Bunların yanında konu ile ilgili güncel eserler ve akademik çalışmalara da yer
verilmektedir.
Esmâ-i Hüsnâ
çeşitli eser ve makalelerde farklı boyutlarıyla ele alınmış bir konu olmasına
rağmen, bu isimlerin, birbirleriyle irtibatının bir isim zaviyesinden
işlenmediği gözlemlenmektedir. Bir eksiklik gibi görünen bu durumu telafi
niyetiyle makalede, Allah’ın Kur’ân-ı Kerîm’de geçen en güzel isimleri,
bütünüyle değil “azîz” ismi özelinde çalışılacaktır. Dolayısıyla araştırmanın
amacı “azîz” isminin tanımı ve birlikte kullanıldığı sıfatları saptayarak onun
anlam alanını belirleme çabasıdır.
Azîz kelimesi
Kur’ân-ı Kerîm’de toplamda on bir isimle yan yana kullanılmaktadır. İzz veya
izzet kökünden bir sıfat olan azîz, üstün, güçlü, kuvvetli ve aciz olmayan
manalarına gelmektedir. Allah için ‘daima galip olma’ ve ‘benzeri bulunmama’
anlamlarını içeren azîz sıfatı, Kur’ân-ı Kerîm’de bu formuyla kırk surede,
doksan dokuz kez, yani esmâ-i hüsnâya eşit sayıda geçmektedir. Bu kullanımların
neredeyse yarısı olan kırk yedi yerde “hakîm” kelimesiyle eşleşmektedir. H-k-m
fiilinden türeyen ve mastar olan hikmet kelimesi çok çeşitli manaları ihtiva
etmekle birlikte, bir şeyin hakikatine isabet ederek onu kendi yerine koymak
manasından ötürü, “hakîm” de isabet ederek her şeyi konulması gereken yere
koyandır, olmaktadır.
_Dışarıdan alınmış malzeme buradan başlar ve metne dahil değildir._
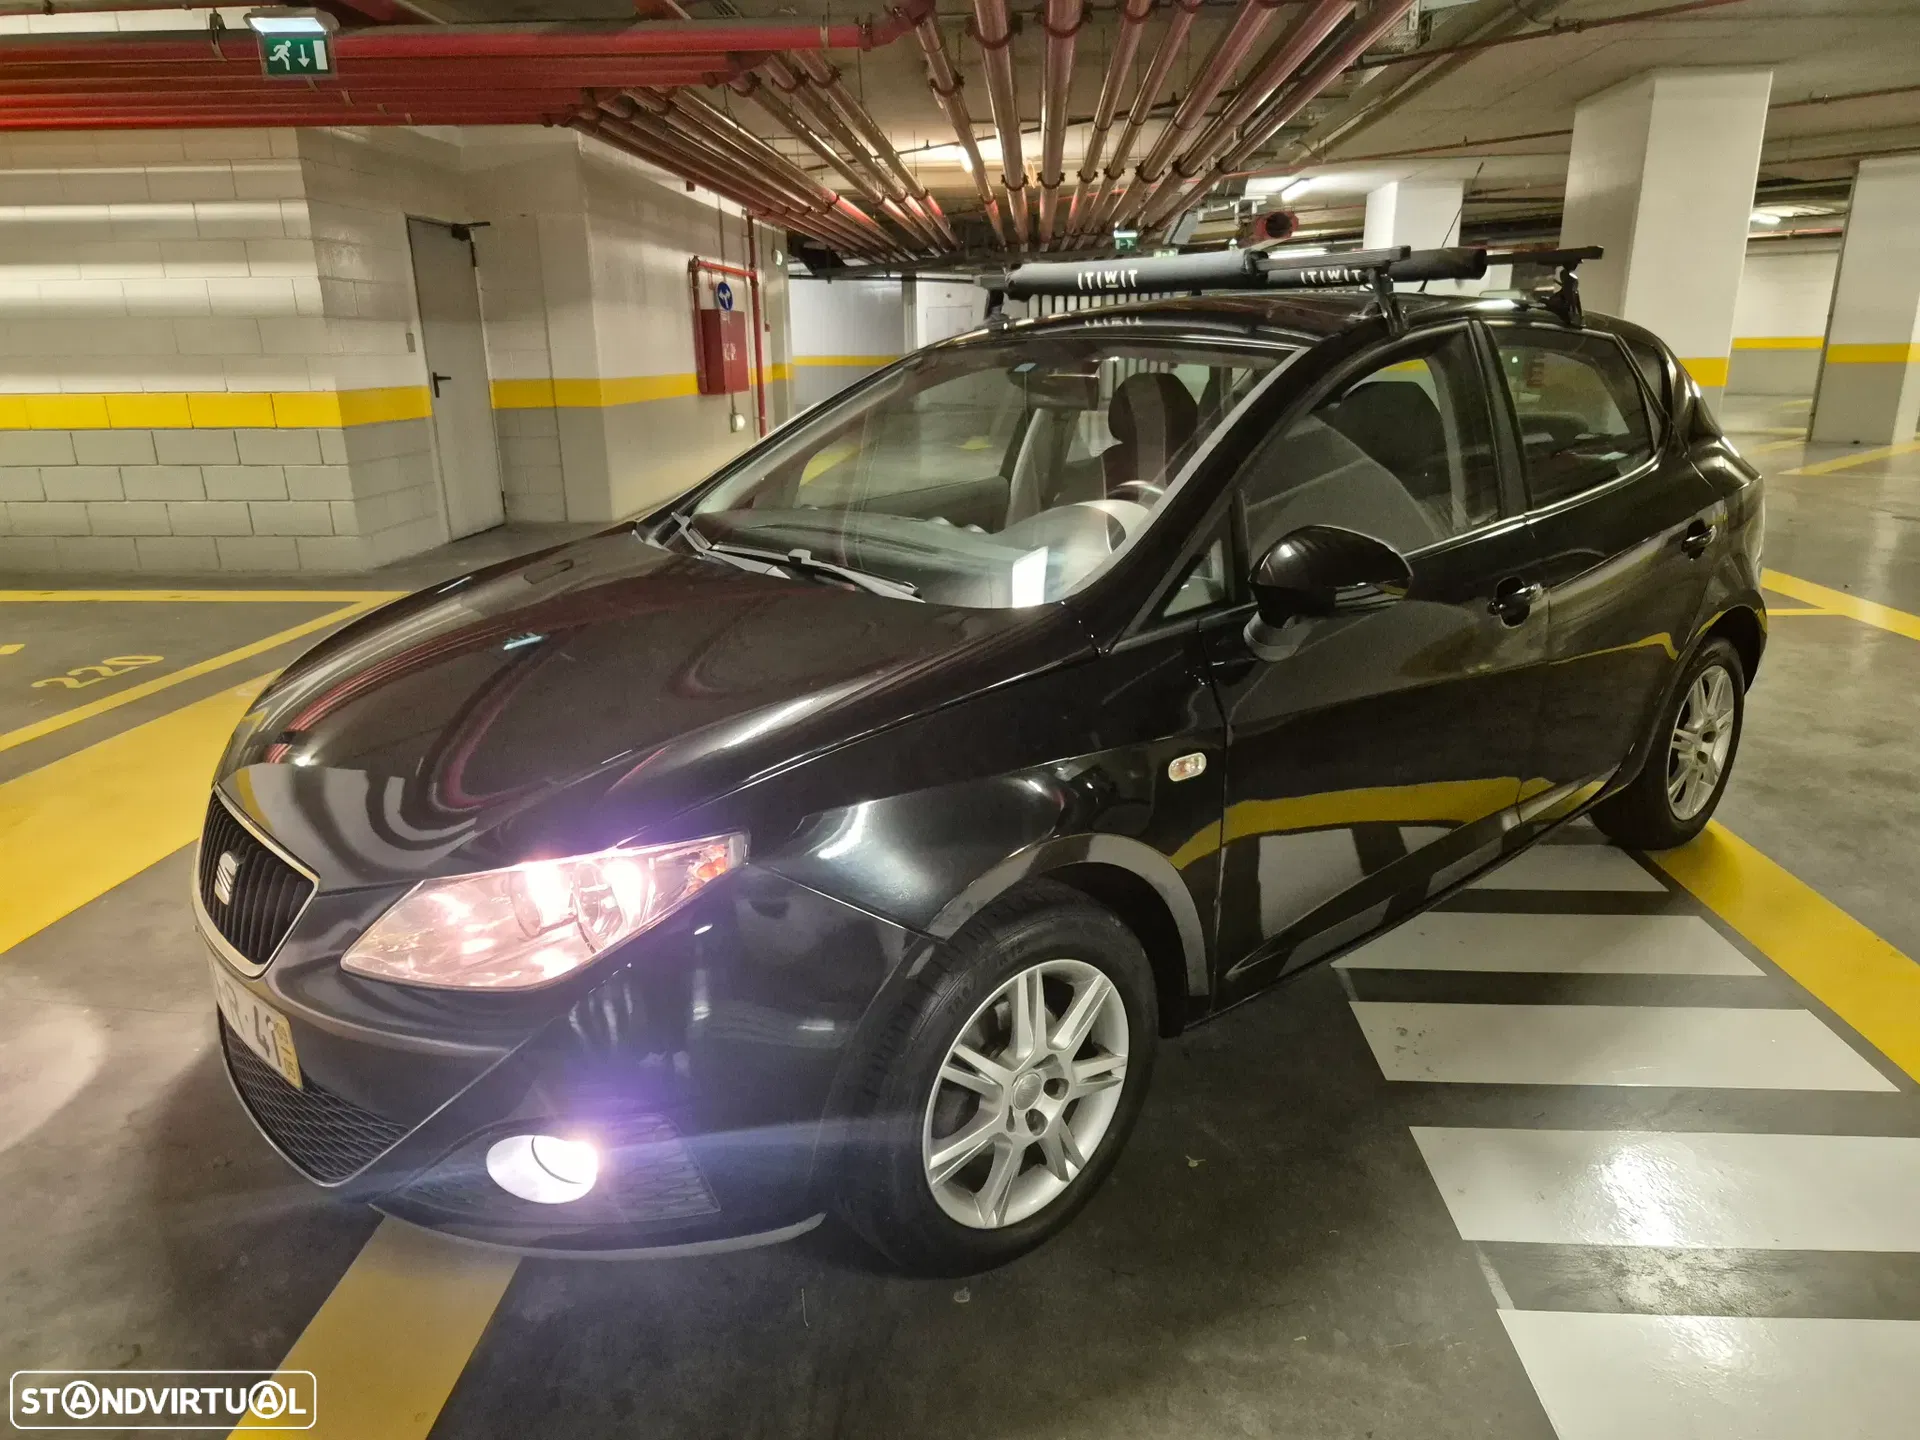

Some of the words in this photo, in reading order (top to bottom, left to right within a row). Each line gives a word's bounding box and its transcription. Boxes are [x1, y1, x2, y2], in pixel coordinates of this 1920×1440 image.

[1078, 269, 1138, 290] ITIWIT
[1300, 268, 1361, 285] ITIWIT
[31, 655, 165, 689] 220
Bu meyanda işlerin sağlam yapılanına “ihkâm”, kusursuz
yapılan işe “muhkem”, bu işi yapana da “hakîm” denilmektedir. Azîz kelimesinin
kırk yedi yerde hakîmle geçmesi, azîz kelimesine rengini veren kelimeyi tespit
etmede ve azîz sıfatının anlam çerçevesini netleştirmekte bize yardımcı
olmaktadır. Söz konusu durum gücün ve üstünlüğün hikmetle birlikte olduğunda
anlam kazanacağını akla getirmektedir. Azîz
ve hakîm sıfatlarının birlikte kullanımlarındaki manaları şöyle özetlenebilir:
“Azîz” ismi ile Allah her şeyden üstün, iradesi
bütün sebep ve etkenlere galip olandır. O’nun iradesiyle çelişmek mümkün
olamadığı gibi iradesini değiştirecek hiçbir kuvvet de yoktur. Allah aynı
zamanda “Hakîm”, hüküm ve hikmet sahibidir. Hiçbir sebebe
ihtiyaç duymaksızın yaptığını hikmetle, düzgün yapar; iradesi tamamen hikmettir.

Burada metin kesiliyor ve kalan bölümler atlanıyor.